(Data for this exercise Opens)

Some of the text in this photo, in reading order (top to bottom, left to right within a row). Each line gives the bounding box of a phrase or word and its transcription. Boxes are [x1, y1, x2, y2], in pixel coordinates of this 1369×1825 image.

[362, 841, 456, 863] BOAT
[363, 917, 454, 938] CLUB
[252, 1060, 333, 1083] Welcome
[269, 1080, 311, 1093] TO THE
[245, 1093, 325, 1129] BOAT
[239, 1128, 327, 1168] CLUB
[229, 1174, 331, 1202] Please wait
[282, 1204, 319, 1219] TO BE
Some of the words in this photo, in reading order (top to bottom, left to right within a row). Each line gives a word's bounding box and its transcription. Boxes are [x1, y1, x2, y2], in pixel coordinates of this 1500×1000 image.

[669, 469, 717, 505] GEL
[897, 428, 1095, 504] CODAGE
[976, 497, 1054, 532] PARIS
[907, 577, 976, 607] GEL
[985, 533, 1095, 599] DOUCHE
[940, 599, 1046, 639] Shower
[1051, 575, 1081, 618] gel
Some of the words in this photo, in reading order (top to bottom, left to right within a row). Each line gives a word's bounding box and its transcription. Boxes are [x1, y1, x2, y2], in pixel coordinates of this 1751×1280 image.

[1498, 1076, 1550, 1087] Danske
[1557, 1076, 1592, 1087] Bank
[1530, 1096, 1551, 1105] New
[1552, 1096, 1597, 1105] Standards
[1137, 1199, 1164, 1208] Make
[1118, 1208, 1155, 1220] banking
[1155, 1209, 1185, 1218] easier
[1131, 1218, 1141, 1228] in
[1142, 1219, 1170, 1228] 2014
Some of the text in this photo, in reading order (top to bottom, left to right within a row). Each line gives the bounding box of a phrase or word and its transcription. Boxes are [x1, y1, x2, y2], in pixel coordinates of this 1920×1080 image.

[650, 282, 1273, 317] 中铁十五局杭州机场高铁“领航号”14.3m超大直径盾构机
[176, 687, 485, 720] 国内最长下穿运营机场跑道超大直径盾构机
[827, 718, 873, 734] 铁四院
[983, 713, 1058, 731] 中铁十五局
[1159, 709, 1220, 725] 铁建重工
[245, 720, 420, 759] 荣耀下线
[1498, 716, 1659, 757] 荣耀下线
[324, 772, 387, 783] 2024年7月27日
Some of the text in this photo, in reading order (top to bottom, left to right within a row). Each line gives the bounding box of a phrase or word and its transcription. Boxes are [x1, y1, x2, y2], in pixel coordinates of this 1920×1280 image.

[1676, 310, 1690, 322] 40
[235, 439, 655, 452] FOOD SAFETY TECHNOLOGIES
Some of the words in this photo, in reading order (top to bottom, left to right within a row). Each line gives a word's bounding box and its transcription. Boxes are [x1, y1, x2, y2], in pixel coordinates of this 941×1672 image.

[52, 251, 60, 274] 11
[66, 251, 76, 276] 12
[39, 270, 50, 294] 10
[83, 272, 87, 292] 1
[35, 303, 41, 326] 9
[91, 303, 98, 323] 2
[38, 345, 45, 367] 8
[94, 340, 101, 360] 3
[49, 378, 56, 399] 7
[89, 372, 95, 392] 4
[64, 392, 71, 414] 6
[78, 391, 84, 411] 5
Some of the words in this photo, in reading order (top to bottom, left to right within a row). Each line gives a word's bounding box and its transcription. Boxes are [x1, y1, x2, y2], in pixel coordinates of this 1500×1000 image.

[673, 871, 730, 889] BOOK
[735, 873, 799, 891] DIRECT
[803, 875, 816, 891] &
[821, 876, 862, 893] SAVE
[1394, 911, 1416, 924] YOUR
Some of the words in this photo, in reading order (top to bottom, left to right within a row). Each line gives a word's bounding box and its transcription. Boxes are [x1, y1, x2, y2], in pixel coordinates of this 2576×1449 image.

(Data for this exercise Closes)

■ **The problem**: Return every record, word for word.

■ **Response to the task**:
Some of the text in this photo, in reading order (top to bottom, left to right within a row). Each line gives the bounding box of a phrase or word and its transcription. Boxes are [x1, y1, x2, y2], in pixel coordinates of this 1369×1825 image.

[362, 841, 456, 863] BOAT
[363, 917, 454, 938] CLUB
[252, 1060, 333, 1083] Welcome
[269, 1080, 311, 1093] TO THE
[245, 1093, 325, 1129] BOAT
[239, 1128, 327, 1168] CLUB
[229, 1174, 331, 1202] Please wait
[282, 1204, 319, 1219] TO BE
Some of the words in this photo, in reading order (top to bottom, left to right within a row). Each line gives a word's bounding box and its transcription. Boxes are [x1, y1, x2, y2], in pixel coordinates of this 1500×1000 image.

[669, 469, 717, 505] GEL
[897, 428, 1095, 504] CODAGE
[976, 497, 1054, 532] PARIS
[907, 577, 976, 607] GEL
[985, 533, 1095, 599] DOUCHE
[940, 599, 1046, 639] Shower
[1051, 575, 1081, 618] gel
Some of the words in this photo, in reading order (top to bottom, left to right within a row). Each line gives a word's bounding box and its transcription. Boxes are [x1, y1, x2, y2], in pixel coordinates of this 1751×1280 image.

[1498, 1076, 1550, 1087] Danske
[1557, 1076, 1592, 1087] Bank
[1530, 1096, 1551, 1105] New
[1552, 1096, 1597, 1105] Standards
[1137, 1199, 1164, 1208] Make
[1118, 1208, 1155, 1220] banking
[1155, 1209, 1185, 1218] easier
[1131, 1218, 1141, 1228] in
[1142, 1219, 1170, 1228] 2014
Some of the text in this photo, in reading order (top to bottom, left to right within a row). Each line gives the bounding box of a phrase or word and its transcription. Boxes are [x1, y1, x2, y2], in pixel coordinates of this 1920×1080 image.

[650, 282, 1273, 317] 中铁十五局杭州机场高铁“领航号”14.3m超大直径盾构机
[176, 687, 485, 720] 国内最长下穿运营机场跑道超大直径盾构机
[827, 718, 873, 734] 铁四院
[983, 713, 1058, 731] 中铁十五局
[1159, 709, 1220, 725] 铁建重工
[245, 720, 420, 759] 荣耀下线
[1498, 716, 1659, 757] 荣耀下线
[324, 772, 387, 783] 2024年7月27日
Some of the text in this photo, in reading order (top to bottom, left to right within a row). Each line gives the bounding box of a phrase or word and its transcription. Boxes are [x1, y1, x2, y2], in pixel coordinates of this 1920×1280 image.

[1676, 310, 1690, 322] 40
[235, 439, 655, 452] FOOD SAFETY TECHNOLOGIES
Some of the words in this photo, in reading order (top to bottom, left to right within a row). Each line gives a word's bounding box and its transcription. Boxes are [x1, y1, x2, y2], in pixel coordinates of this 941×1672 image.

[52, 251, 60, 274] 11
[66, 251, 76, 276] 12
[39, 270, 50, 294] 10
[83, 272, 87, 292] 1
[35, 303, 41, 326] 9
[91, 303, 98, 323] 2
[38, 345, 45, 367] 8
[94, 340, 101, 360] 3
[49, 378, 56, 399] 7
[89, 372, 95, 392] 4
[64, 392, 71, 414] 6
[78, 391, 84, 411] 5
Some of the words in this photo, in reading order (top to bottom, left to right within a row). Each line gives a word's bounding box and its transcription. Boxes are [x1, y1, x2, y2], in pixel coordinates of this 1500×1000 image.

[673, 871, 730, 889] BOOK
[735, 873, 799, 891] DIRECT
[803, 875, 816, 891] &
[821, 876, 862, 893] SAVE
[1394, 911, 1416, 924] YOUR
Some of the words in this photo, in reading order (top to bottom, left to right within a row). Each line gives a word's bounding box and its transcription. Boxes are [x1, y1, x2, y2], in pixel coordinates of this 2576×1449 image.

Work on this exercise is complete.